- Civilian Conservation Corp Camp F-10
- U.S. National Register of Historic Places
- U.S. Historic district
- Location: 13381 Silver Mountain Road
- Nearest city: Rapid City, South Dakota
- Coordinates: 43°56′48″N 103°22′53″W﻿ / ﻿43.946652°N 103.381367°W
- Area: 3 acres (1.2 ha)
- Built: 1933
- Built by: Civilian Conservation Corps
- Architectural style: CCC Affiliation
- MPS: Federal Relief Construction in South Dakota MPS
- NRHP reference No.: 03001531
- Added to NRHP: January 28, 2004

= Civilian Conservation Corp Camp F-10 =

Civilian Conservation Corp Camp F-10, also called the Rockerville Civilian Conservation Corp Camp, is a historic district on Silver Mountain Road, 15 mi southwest of Rapid City, South Dakota. Between 1933 and 1935, it functioned as a base camp for Civilian Conservation Corps (CCC) workers who were employed on multiple construction and forestry projects in the area during the Great Depression. The camp was added to the National Register of Historic Places in 2004; three buildings and the remains of a fireplace are included in the listing.

==History==
The Civilian Conservation Corps (CCC) operated in South Dakota during the Great Depression, building and maintaining structures and government property across the state. Temporary camps were constructed to accommodate the thousands of workers that passed through the program. The Rockerville area was chosen as a temporary base of operations for CCC Company 1794, who were mostly employed in Black Hills forestry maintenance for the United States Forest Service. Taska included bridge and dam construction, tree thinning, campsite and trail maintenance, and firefighting. The first camp buildings, including two officers' cabins and a hospital, were erected in 1933. Early CCC camps were usually log structures created from surrounding lumber and resources; by 1934, however, the federal government had introduced prefabricated parts to CCC campsite construction. This allowed buildings to easily be dismantled and moved to a new campsite or to be reused somewhere else. The camp eventually included 17 structures: four barracks that could sleep 50 men each, a recreation hall, mess hall, kitchen and cooks' barracks, a bathhouse, blacksmithing shop, garage, storage cabins, a water tower, and the aforementioned officers' cabins and hospital. Up to 175 men were stationed at Camp F-10 at its most populous.
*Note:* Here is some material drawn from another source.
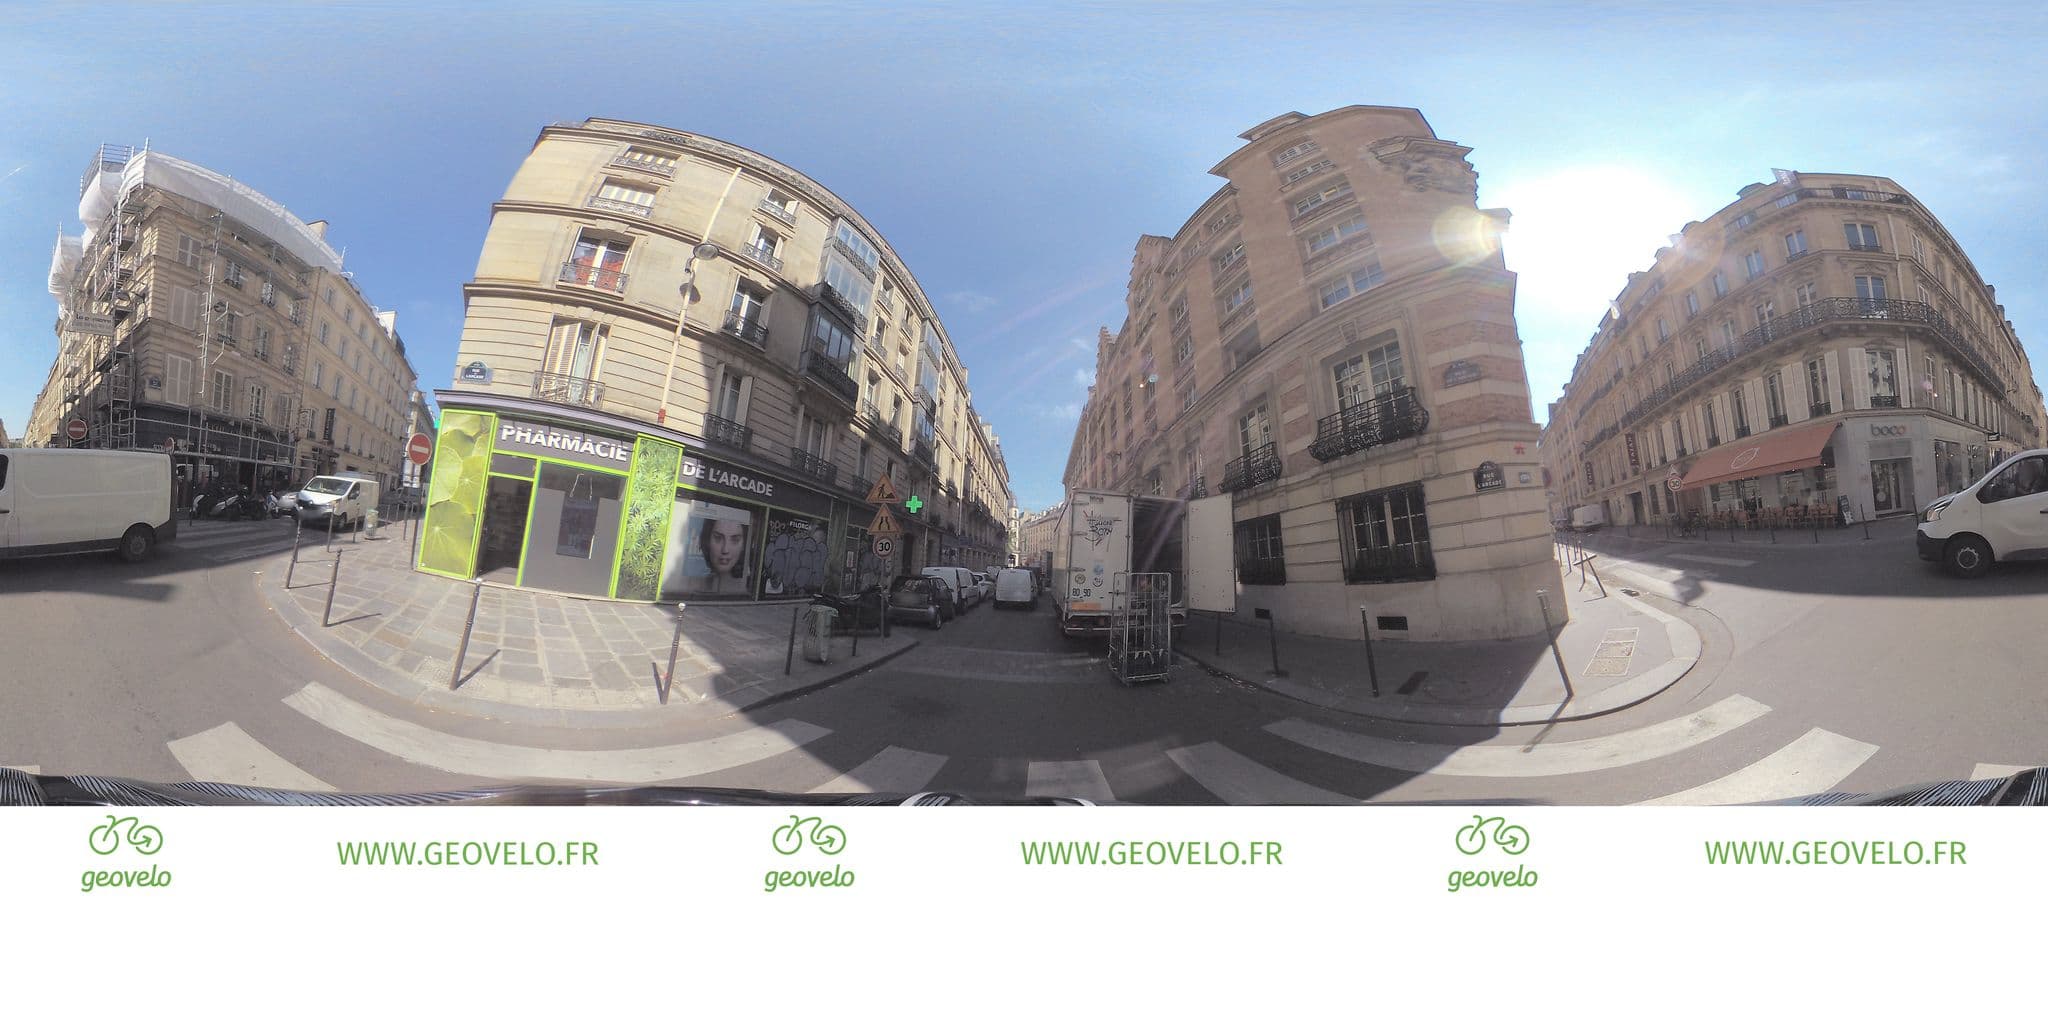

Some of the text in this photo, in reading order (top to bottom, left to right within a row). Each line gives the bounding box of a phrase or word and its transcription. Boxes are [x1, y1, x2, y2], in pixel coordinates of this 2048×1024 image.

[1870, 423, 1907, 437] boco
[501, 425, 629, 462] PHARMACIE
[682, 461, 774, 497] DE L'ARCADE
[879, 541, 891, 552] 30
In May 1935, Company 1794 was scheduled to be incorporated into Company 791, who were at that time based at Camp F-22 at Summit Peak. The Rockerville camp was abandoned—buildings that could be dismantled were taken with the company for use in the new camp—and sat unused for decades, causing most of the remaining structures to crumble. Today, only three log buildings stand: two officers' cabins and the hospital, plus a fireplace ruin that was once part of the mess hall. On January 28, 2004, a triangular historic district encompassing the surviving structures was added to the National Register of Historic Places. The site is now on private property.